START Exercise data

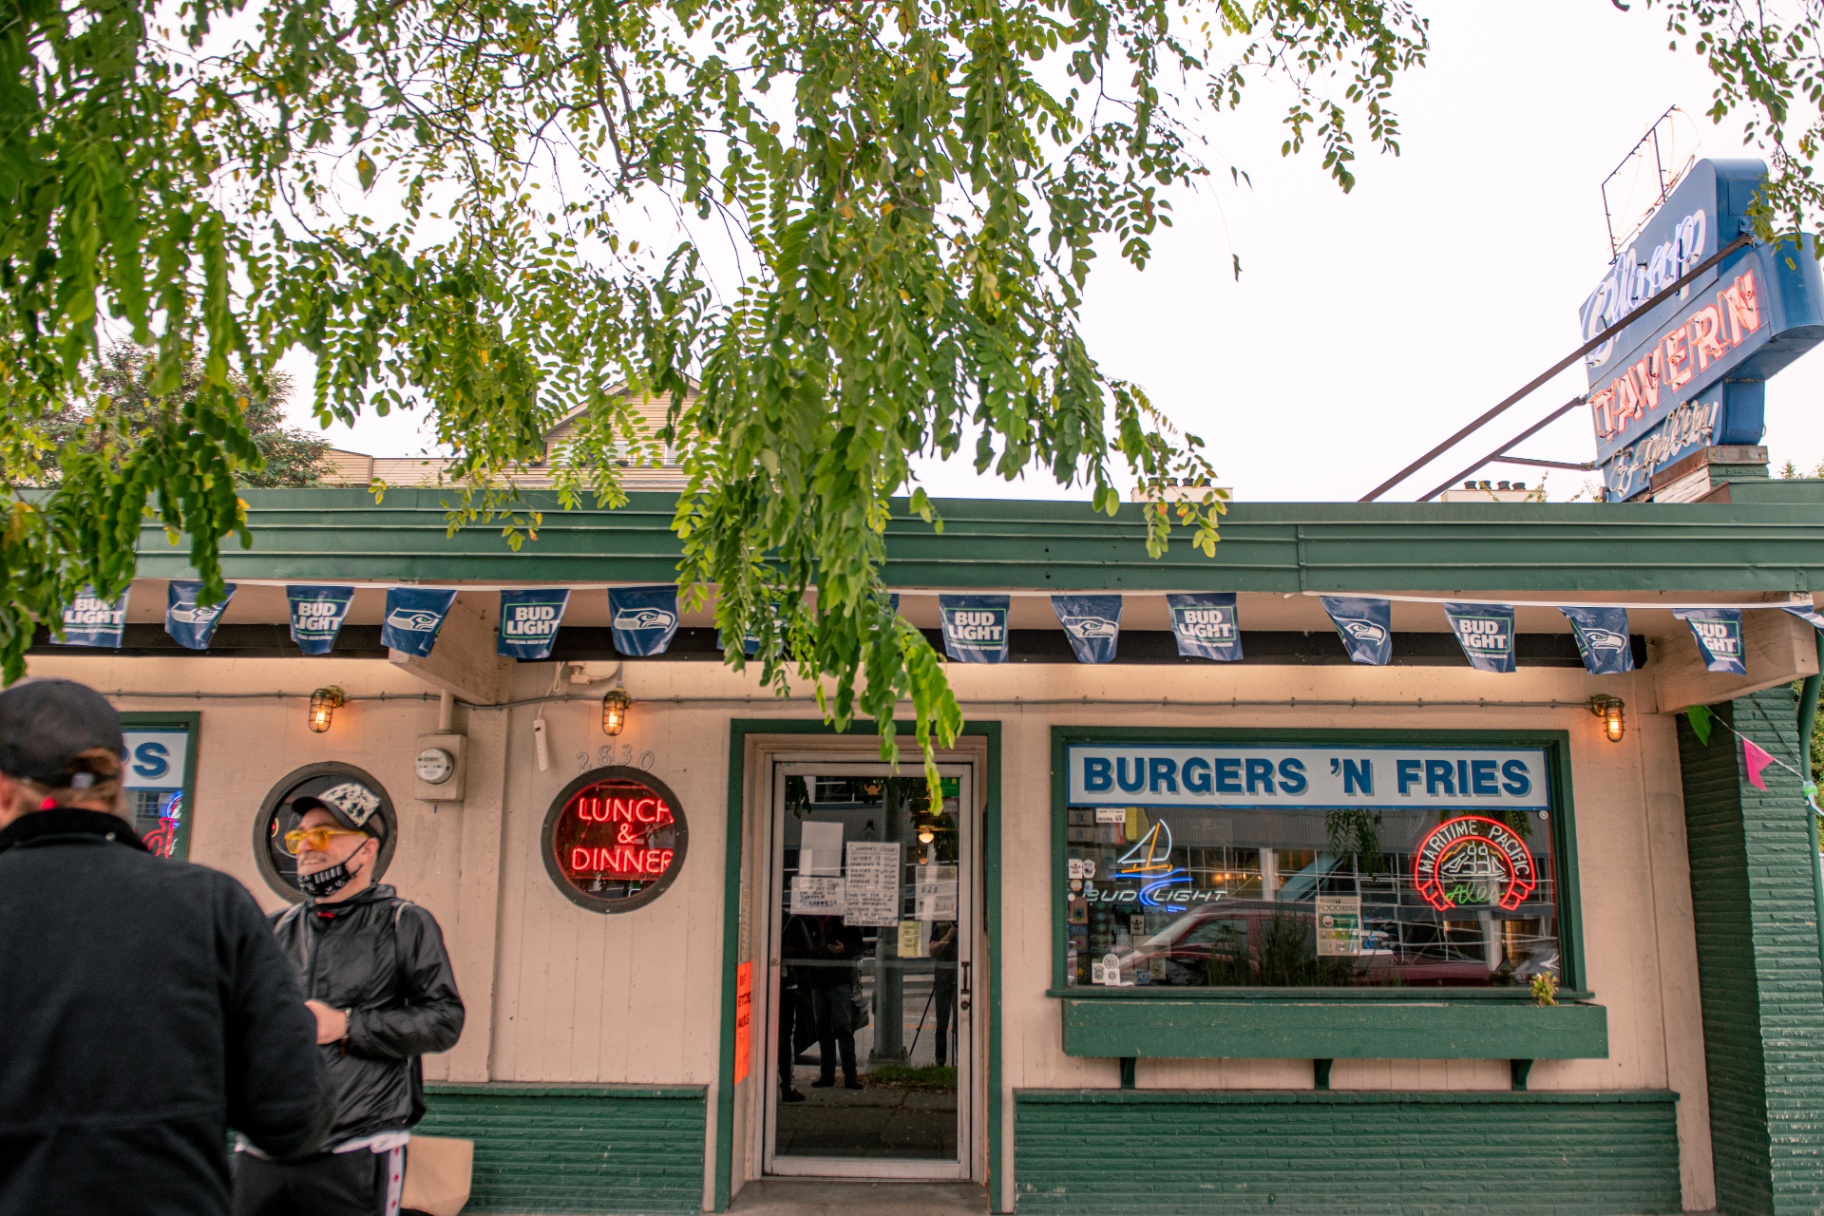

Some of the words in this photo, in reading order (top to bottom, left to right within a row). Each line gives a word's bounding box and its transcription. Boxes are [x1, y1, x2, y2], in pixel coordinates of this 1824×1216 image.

[1588, 268, 1760, 442] TAVERN
[63, 610, 122, 624] LIGHT
[298, 602, 337, 616] BUD
[515, 606, 555, 620] BUD
[1184, 610, 1222, 624] BUD
[955, 611, 994, 626] BUD
[506, 620, 560, 634] LIGHT
[948, 625, 1002, 640] LIGHT
[1179, 624, 1231, 638] LIGHT
[1460, 619, 1498, 635] BUD
[1463, 633, 1506, 649] IGHT
[577, 745, 655, 773] 2830
[1084, 757, 1308, 795] BURGERS
[1330, 758, 1373, 795] 'N
[1396, 759, 1532, 796] FRIES
[578, 798, 674, 823] LUNCH
[617, 822, 637, 844] &
[1418, 820, 1479, 874] MARITIME
[1487, 825, 1530, 876] PACIFIC
[572, 847, 674, 873] DINNER
[1152, 889, 1227, 902] LIGHT
[1446, 881, 1505, 905] Ales
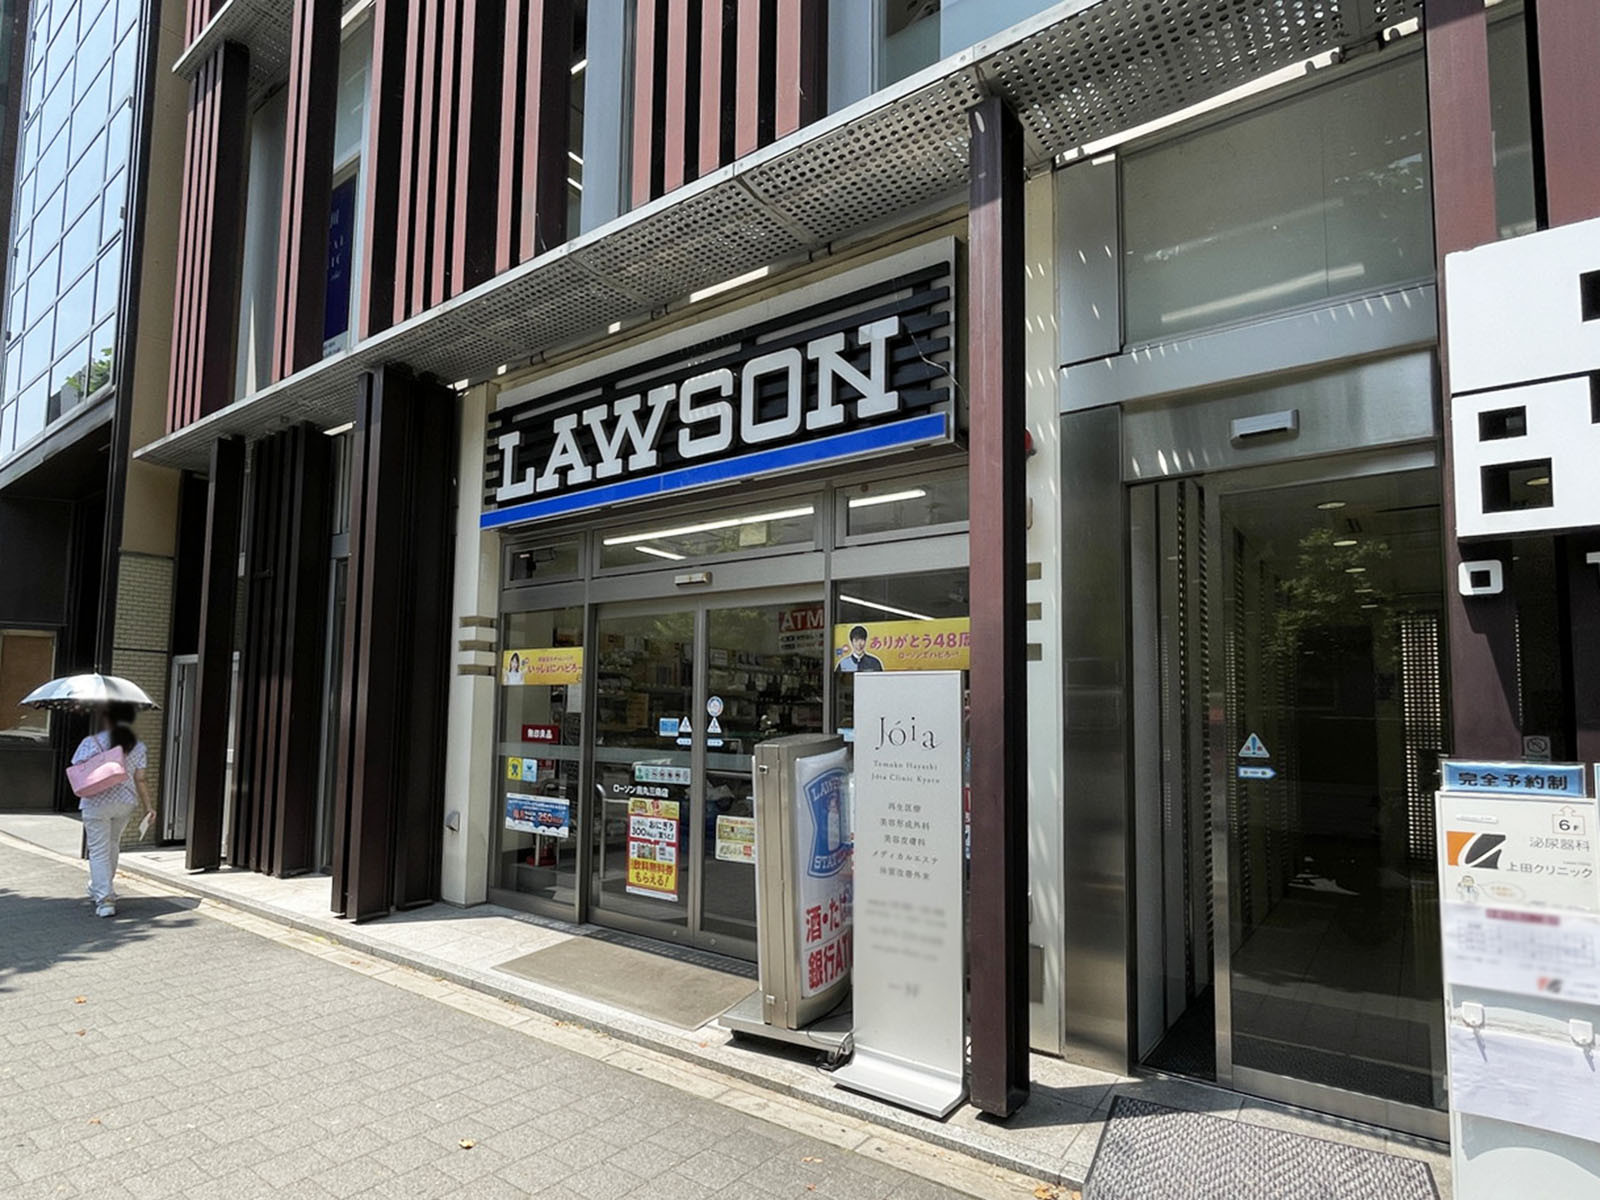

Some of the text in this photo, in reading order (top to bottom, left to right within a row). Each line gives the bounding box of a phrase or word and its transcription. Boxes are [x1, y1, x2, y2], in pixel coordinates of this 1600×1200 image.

[496, 315, 900, 502] LAWSON
[781, 609, 824, 632] ATM
[875, 717, 943, 750] Jóia
[1458, 772, 1568, 791] 完全予約制
[1558, 819, 1579, 832] 6F
[1529, 836, 1590, 852] 泌尿器科
[1506, 861, 1593, 879] 上田クリニック
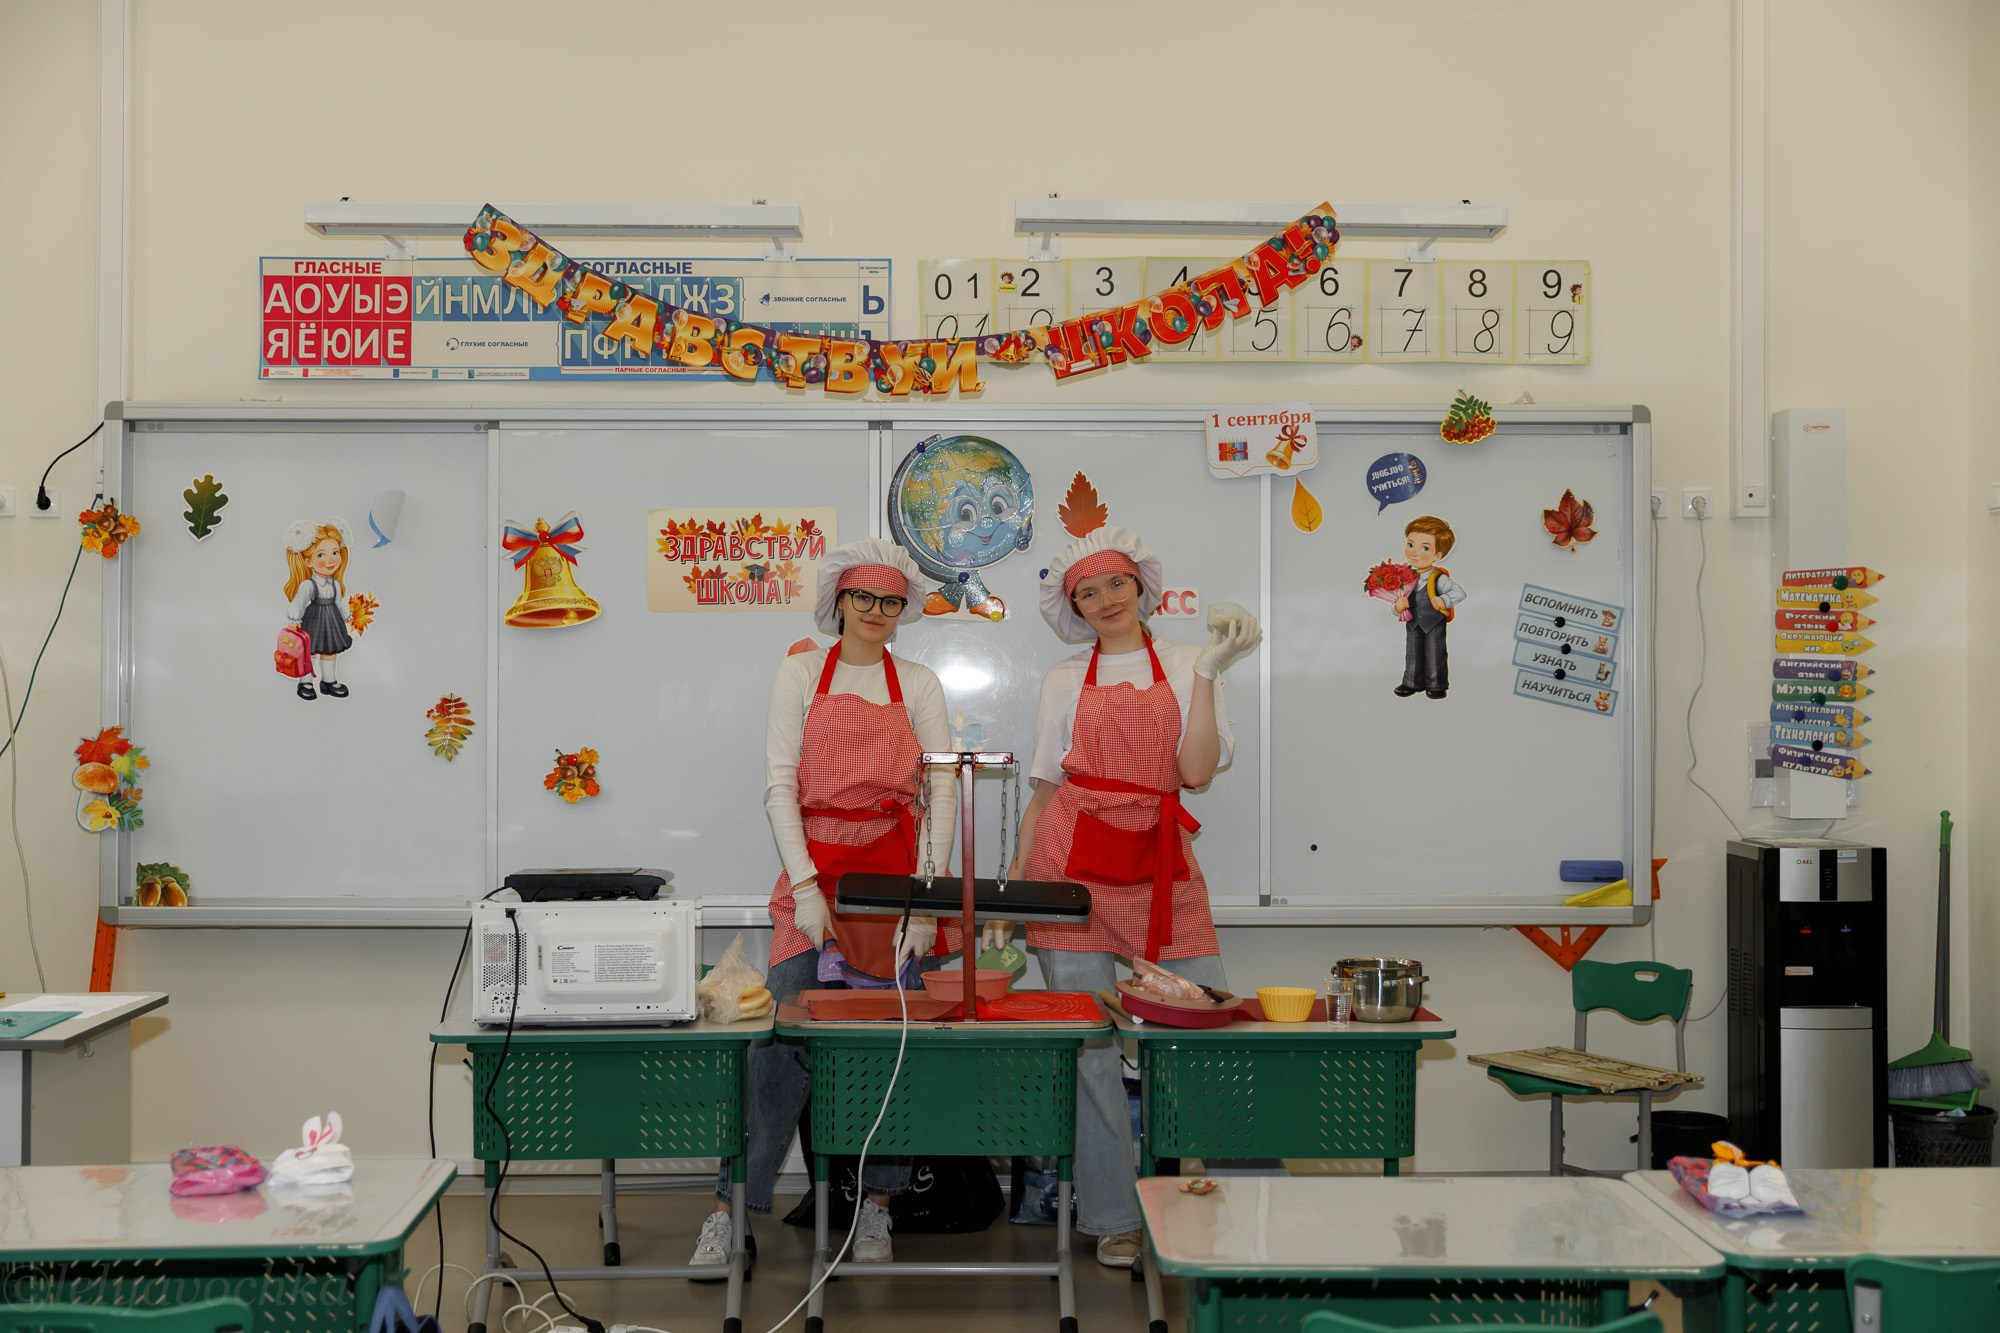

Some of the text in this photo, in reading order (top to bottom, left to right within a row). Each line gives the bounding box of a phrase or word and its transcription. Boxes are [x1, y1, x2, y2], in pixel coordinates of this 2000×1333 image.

[294, 261, 382, 275] ГЛАСНЫЕ
[581, 261, 693, 275] СОГЛАСНЫЕ
[934, 273, 951, 301] 0
[967, 272, 979, 300] 1
[1021, 268, 1040, 297] 2
[1095, 267, 1115, 297] 3
[1320, 267, 1339, 296] 6
[1394, 268, 1413, 297] 7
[1468, 269, 1488, 298] 8
[1542, 270, 1562, 299] 9
[863, 285, 885, 315] Ь
[1252, 308, 1278, 351] 5
[1326, 308, 1351, 352] 6
[1403, 308, 1426, 352] 7
[1474, 309, 1500, 353] 8
[1547, 310, 1574, 354] 9
[1212, 410, 1312, 428] 1 сентября
[1371, 464, 1404, 480] ЛЮБЛЮ
[1371, 475, 1410, 493] УЧИТЬСЯ!
[664, 528, 826, 564] ЗДРАВСТВУЙ
[695, 579, 792, 605] ШКОЛА!
[1155, 590, 1197, 615] СС
[1524, 593, 1599, 620] ВСПОМНИТЬ
[1519, 622, 1589, 647] ПОВТОРИТЬ
[1533, 652, 1577, 671] УЗНАТЬ
[1522, 679, 1592, 703] НАУЧИТЬСЯ
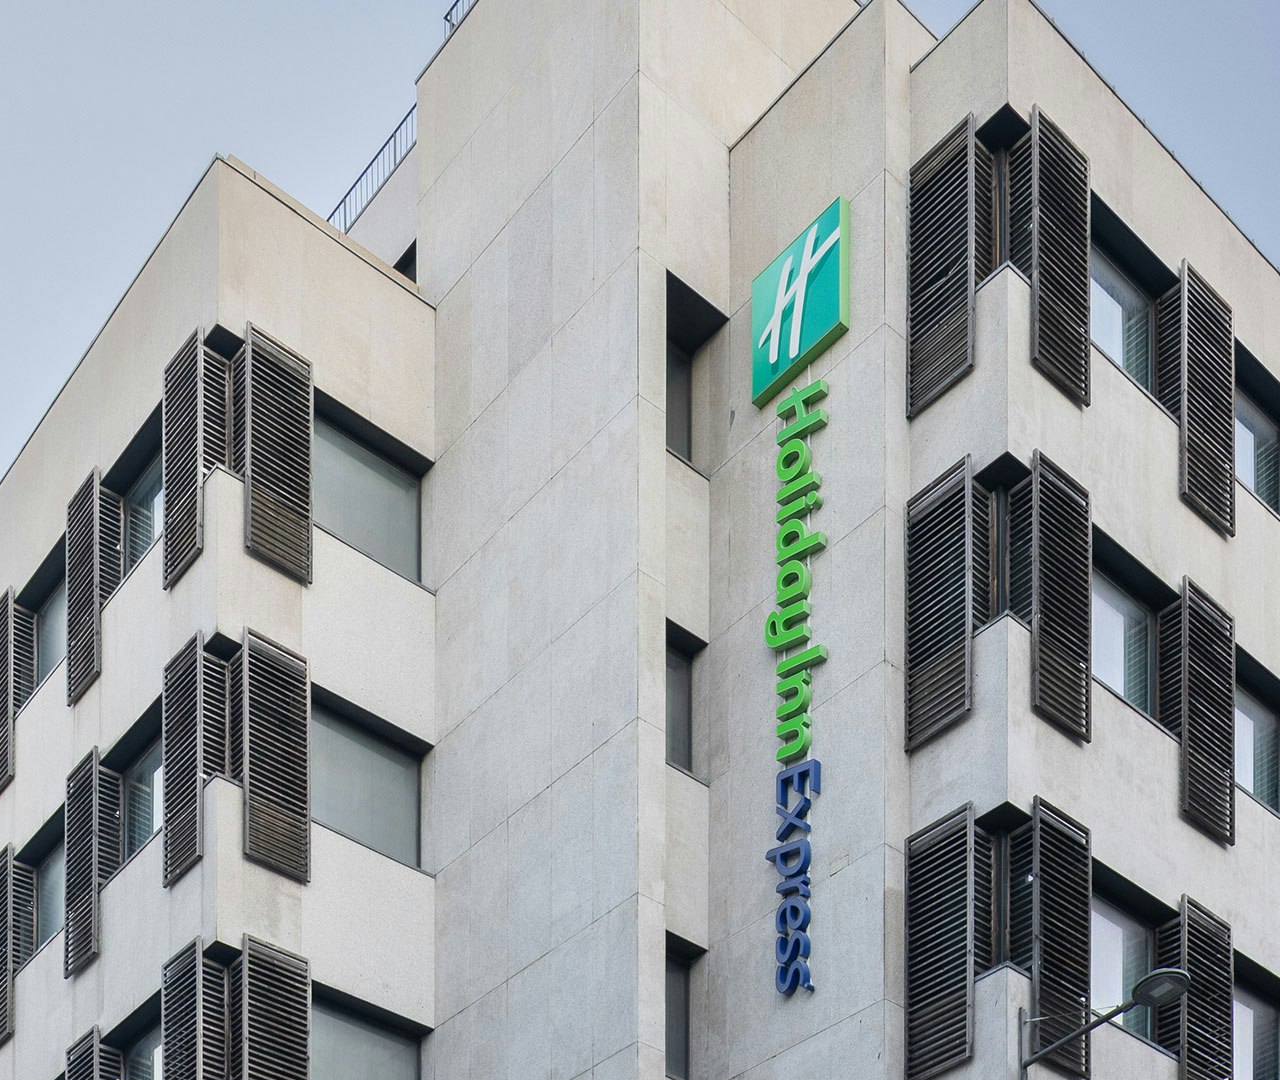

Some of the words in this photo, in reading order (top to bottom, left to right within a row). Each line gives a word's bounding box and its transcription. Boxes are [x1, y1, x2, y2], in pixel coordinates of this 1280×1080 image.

END Exercise data

→ **What to do**
Any picture among the entries must be skipped; copy all else exactly.

→ **Written solution**
Some of the words in this photo, in reading order (top to bottom, left to right within a row). Each line gives a word's bounding box and its transcription. Boxes are [x1, y1, x2, y2], in pixel coordinates of this 1824×1216 image.

[1588, 268, 1760, 442] TAVERN
[63, 610, 122, 624] LIGHT
[298, 602, 337, 616] BUD
[515, 606, 555, 620] BUD
[1184, 610, 1222, 624] BUD
[955, 611, 994, 626] BUD
[506, 620, 560, 634] LIGHT
[948, 625, 1002, 640] LIGHT
[1179, 624, 1231, 638] LIGHT
[1460, 619, 1498, 635] BUD
[1463, 633, 1506, 649] IGHT
[577, 745, 655, 773] 2830
[1084, 757, 1308, 795] BURGERS
[1330, 758, 1373, 795] 'N
[1396, 759, 1532, 796] FRIES
[578, 798, 674, 823] LUNCH
[617, 822, 637, 844] &
[1418, 820, 1479, 874] MARITIME
[1487, 825, 1530, 876] PACIFIC
[572, 847, 674, 873] DINNER
[1152, 889, 1227, 902] LIGHT
[1446, 881, 1505, 905] Ales

Some of the text in this photo, in reading order (top to bottom, left to right within a row). Each line gives the bounding box of a phrase or word and its transcription. Boxes are [x1, y1, x2, y2], in pixel coordinates of this 1600×1200 image.

[496, 315, 900, 502] LAWSON
[781, 609, 824, 632] ATM
[875, 717, 943, 750] Jóia
[1458, 772, 1568, 791] 完全予約制
[1558, 819, 1579, 832] 6F
[1529, 836, 1590, 852] 泌尿器科
[1506, 861, 1593, 879] 上田クリニック

Some of the text in this photo, in reading order (top to bottom, left to right within a row). Each line gives the bounding box of a phrase or word and its transcription. Boxes are [x1, y1, x2, y2], in pixel coordinates of this 2000×1333 image.

[294, 261, 382, 275] ГЛАСНЫЕ
[581, 261, 693, 275] СОГЛАСНЫЕ
[934, 273, 951, 301] 0
[967, 272, 979, 300] 1
[1021, 268, 1040, 297] 2
[1095, 267, 1115, 297] 3
[1320, 267, 1339, 296] 6
[1394, 268, 1413, 297] 7
[1468, 269, 1488, 298] 8
[1542, 270, 1562, 299] 9
[863, 285, 885, 315] Ь
[1252, 308, 1278, 351] 5
[1326, 308, 1351, 352] 6
[1403, 308, 1426, 352] 7
[1474, 309, 1500, 353] 8
[1547, 310, 1574, 354] 9
[1212, 410, 1312, 428] 1 сентября
[1371, 464, 1404, 480] ЛЮБЛЮ
[1371, 475, 1410, 493] УЧИТЬСЯ!
[664, 528, 826, 564] ЗДРАВСТВУЙ
[695, 579, 792, 605] ШКОЛА!
[1155, 590, 1197, 615] СС
[1524, 593, 1599, 620] ВСПОМНИТЬ
[1519, 622, 1589, 647] ПОВТОРИТЬ
[1533, 652, 1577, 671] УЗНАТЬ
[1522, 679, 1592, 703] НАУЧИТЬСЯ

Some of the words in this photo, in reading order (top to bottom, left to right within a row). Each line gives a word's bounding box and its transcription. Boxes are [x1, y1, x2, y2], in pixel coordinates of this 1280×1080 image.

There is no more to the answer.